Making Hay While the Sun Shines

Lone star tick, yesterday. I’m eatin’ all the red meat I can while I can. *heh* (Small, small, small chance of developing alpha-gal meat allergy, but I’m gonna test my system to “destruction” just in case. 🙂 ).

Really? Do Tell. . .

I saw a social media post recently cursing at God because one of the writer’s musical icons has COPD. It’s God’s fault, apparently, that this musician’s lifestyle, which includes some pf the leading risk factors for COPD apparently contributed to his health problems, but apparently God made him engage in risky health practices. *shrugs* ‘S’all right. God has big shoulders. Curse Him if you will (for all the good it will do anyone, which is zero). *sigh*

The main causes/risk factors of COPD are:
Smoking
Air pollution
Occupational exposure- Intense and prolonged exposure to workplace dusts, chemicals and fumes
Genetics
Infectious diseases such as AIDS and tuberculosis increase risk of COPD

Heck, even the musician himself “blames” an occupational hazard, viz.,

[Ian] Anderson noted that he has not had an exacerbation for a while, an improvement he puts down to living in the pollution-free English countryside – and blamed on stage smoke machines for his ill health.

“Today they’re (smoke machines) referred to as ‘hazers,’ as if they’re somehow innocent and not damaging to your lungs,” he fumed. “I really do believe that’s a very significant part of the problem that I have.”

Another View of Faith

I have posted before that our part of faith =~= trusting obedience. Today, a streaming video study of Psalm 32 cut out shortly after verse 9 had been read, and it seemed propitious, as it spurred me to recall moments with horses that allow me to expand on that verse:

Psalm 32:9 “Be ye not as the horse, or as the mule, which have no understanding: whose mouth must be held in with bit and bridle, lest they come near unto thee.”

Several things popped out at me when I read this this AM. . .

Yes, ordinarily horses need to be controlled via external means such as a bit and bridle, for guidance’s sake for both them and any person around them, but. . .

There is much more to control of an equine than a bit in their mouths and a hand on the reins controlling them through that bit. There can be relationship, as well, and teaching/training, and. . . trust.

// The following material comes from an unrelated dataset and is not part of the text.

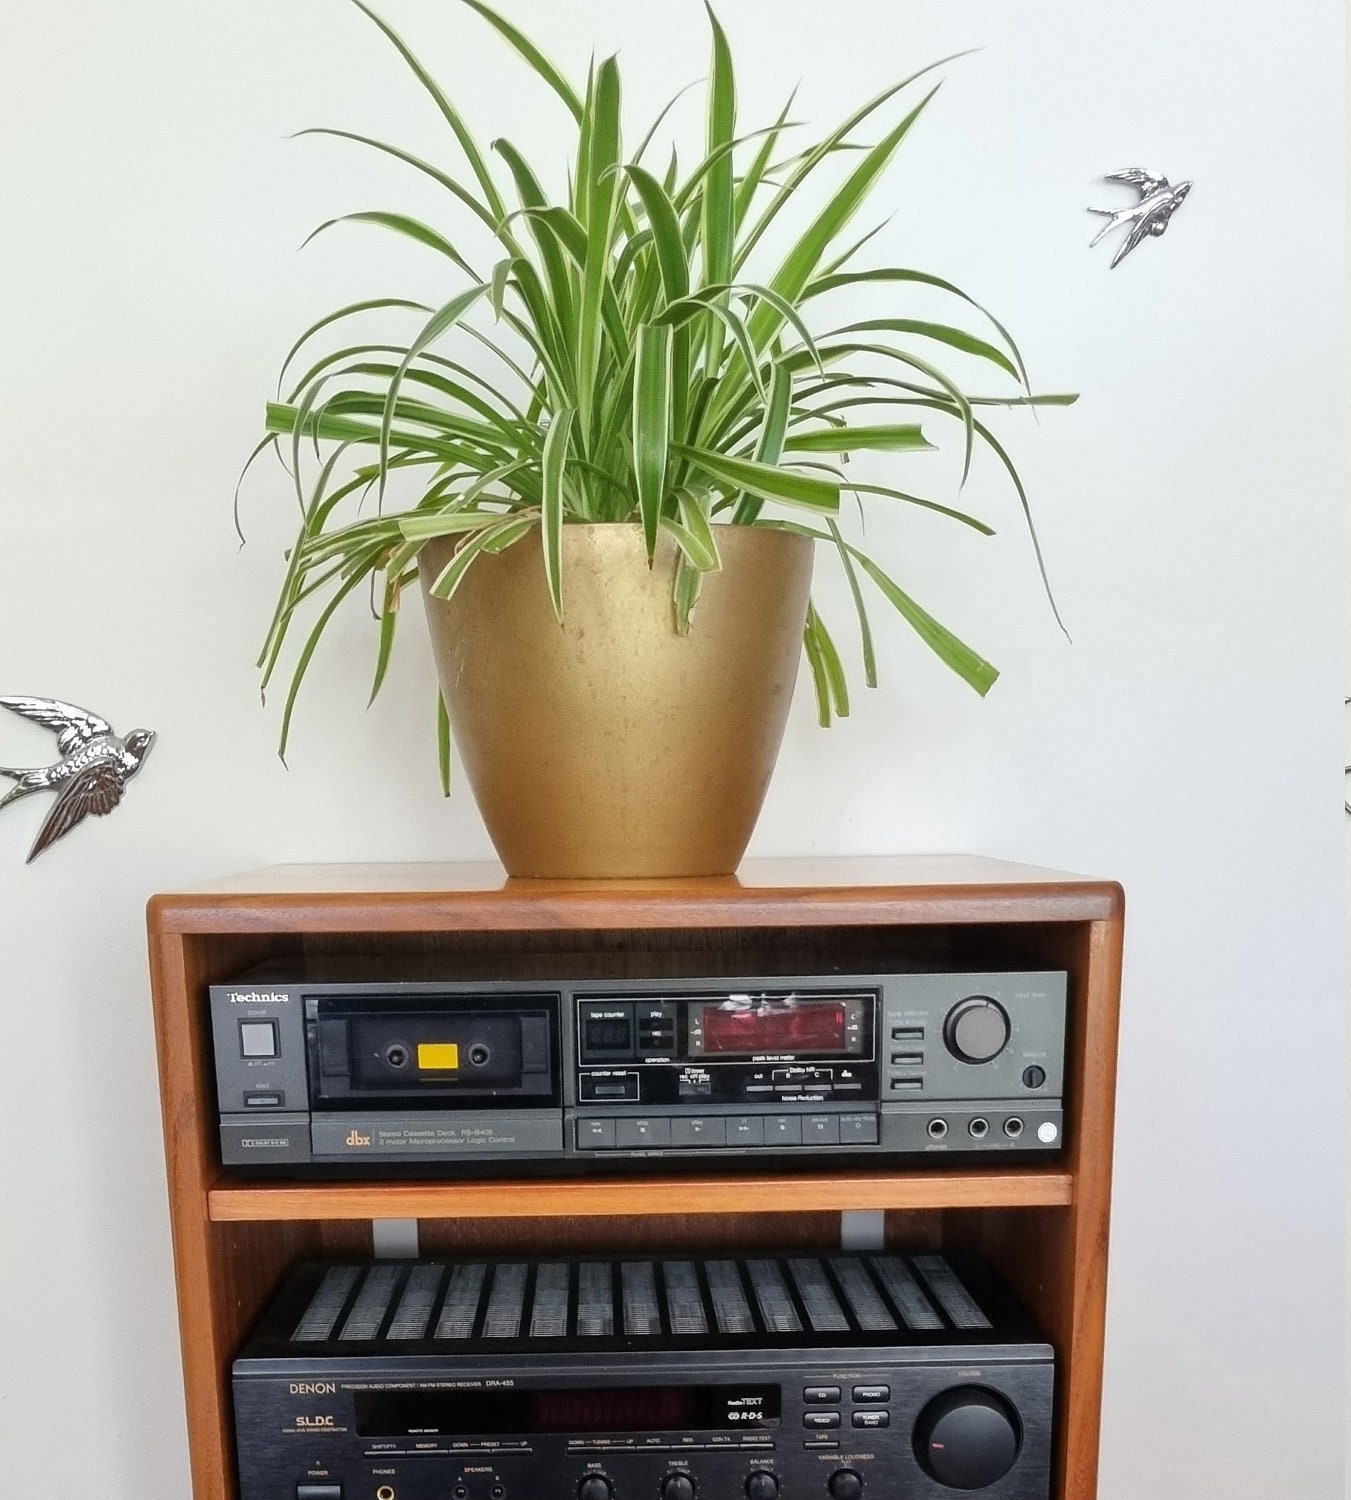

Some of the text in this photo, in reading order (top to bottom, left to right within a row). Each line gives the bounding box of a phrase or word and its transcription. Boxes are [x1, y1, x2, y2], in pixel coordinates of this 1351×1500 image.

The relationship between the horses and their trainer in the video above are a good metaphor, IMO, for the relationship God desires with his people: a relationship of trust and obedience. Know this full well: those horses would not be so very compliant had their trainer not well and truly earned their trust through consistent and judicious care.

While I have never experienced that level of trusting obedience from a horse, I have had glimpses of it, brief moments where the trust a horse placed in me were humbling, engendering an even greater desire to be trustworthy. If we could but grasp a bit of that for our relationship with God, we would find Him completely, over and abundantly, worthy of our trust.